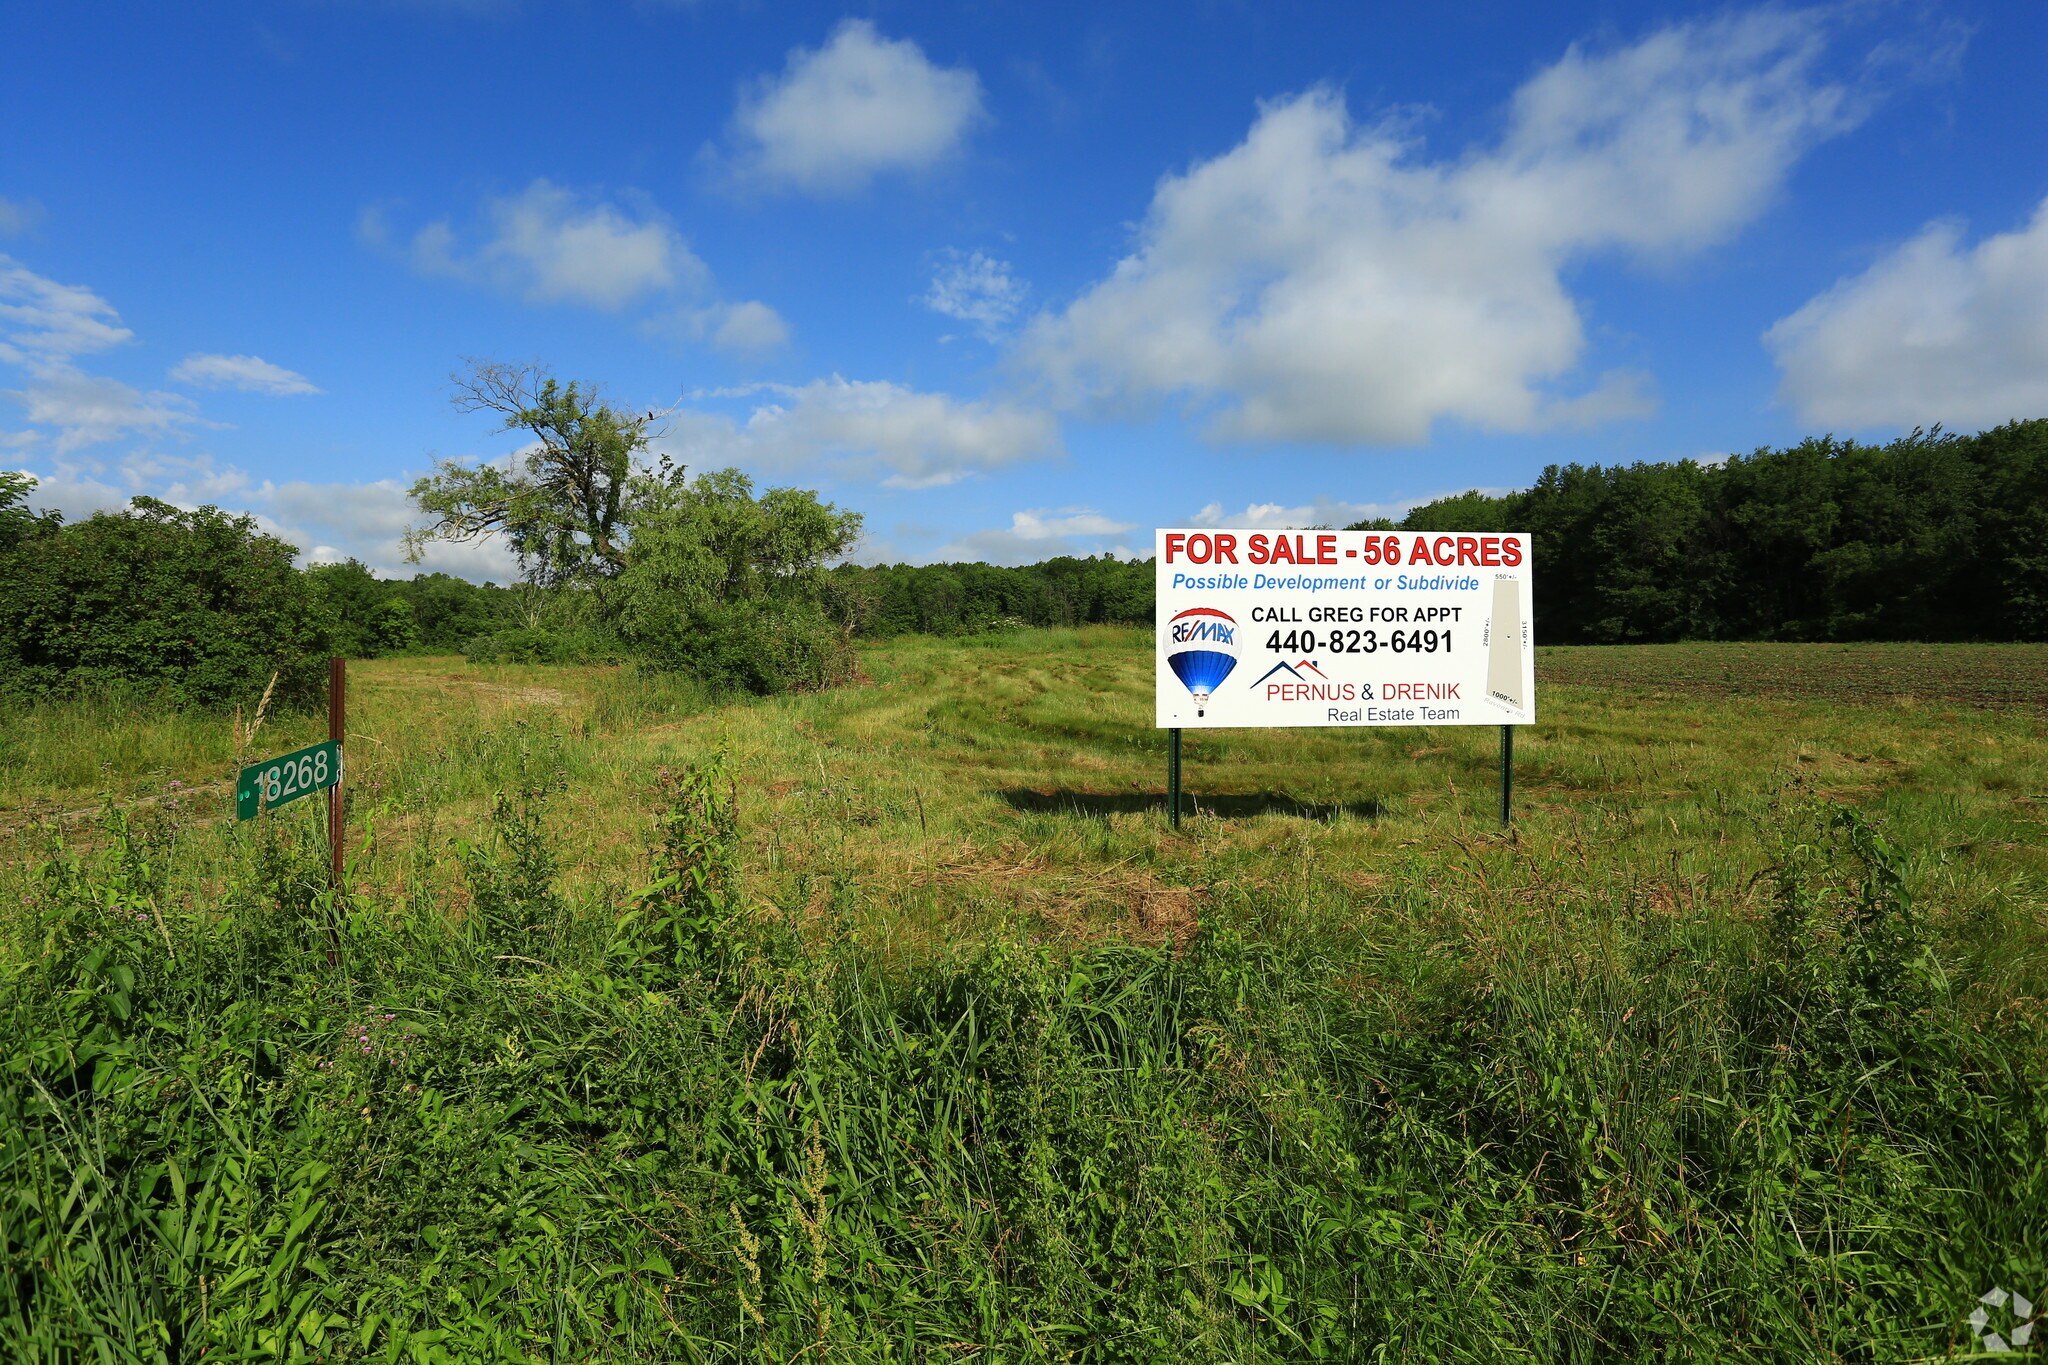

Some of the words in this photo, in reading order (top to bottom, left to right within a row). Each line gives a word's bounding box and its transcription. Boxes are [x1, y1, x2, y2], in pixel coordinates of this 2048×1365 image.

[1166, 533, 1238, 564] FOR
[1248, 534, 1337, 564] SALE
[1346, 549, 1357, 558] -
[1364, 536, 1401, 565] 56
[1409, 537, 1522, 566] ACRES
[1173, 573, 1248, 589] Possible
[1253, 575, 1366, 592] Development
[1375, 578, 1392, 589] or
[1397, 575, 1479, 590] Subdivide
[1252, 607, 1302, 622] CALL
[1309, 608, 1363, 622] GREG
[1370, 608, 1408, 622] FOR
[1414, 608, 1462, 622] APPT
[1172, 620, 1235, 645] RE/MAX
[1266, 629, 1452, 653] 440-823-6491
[1267, 684, 1355, 701] PERNUS
[1362, 684, 1374, 700] &
[1383, 683, 1460, 700] DRENIK
[1328, 708, 1362, 722] Real
[1368, 708, 1414, 721] Estate
[1420, 707, 1459, 720] Team
[254, 750, 328, 801] 18268

## Task objective
An answer that restates all the entries exactly and drops the images is what is needed.

## Task answer
Some of the words in this photo, in reading order (top to bottom, left to right within a row). Each line gives a word's bounding box and its transcription. Boxes are [x1, y1, x2, y2], in pixel coordinates of this 2048×1365 image.

[1166, 533, 1238, 564] FOR
[1248, 534, 1337, 564] SALE
[1346, 549, 1357, 558] -
[1364, 536, 1401, 565] 56
[1409, 537, 1522, 566] ACRES
[1173, 573, 1248, 589] Possible
[1253, 575, 1366, 592] Development
[1375, 578, 1392, 589] or
[1397, 575, 1479, 590] Subdivide
[1252, 607, 1302, 622] CALL
[1309, 608, 1363, 622] GREG
[1370, 608, 1408, 622] FOR
[1414, 608, 1462, 622] APPT
[1172, 620, 1235, 645] RE/MAX
[1266, 629, 1452, 653] 440-823-6491
[1267, 684, 1355, 701] PERNUS
[1362, 684, 1374, 700] &
[1383, 683, 1460, 700] DRENIK
[1328, 708, 1362, 722] Real
[1368, 708, 1414, 721] Estate
[1420, 707, 1459, 720] Team
[254, 750, 328, 801] 18268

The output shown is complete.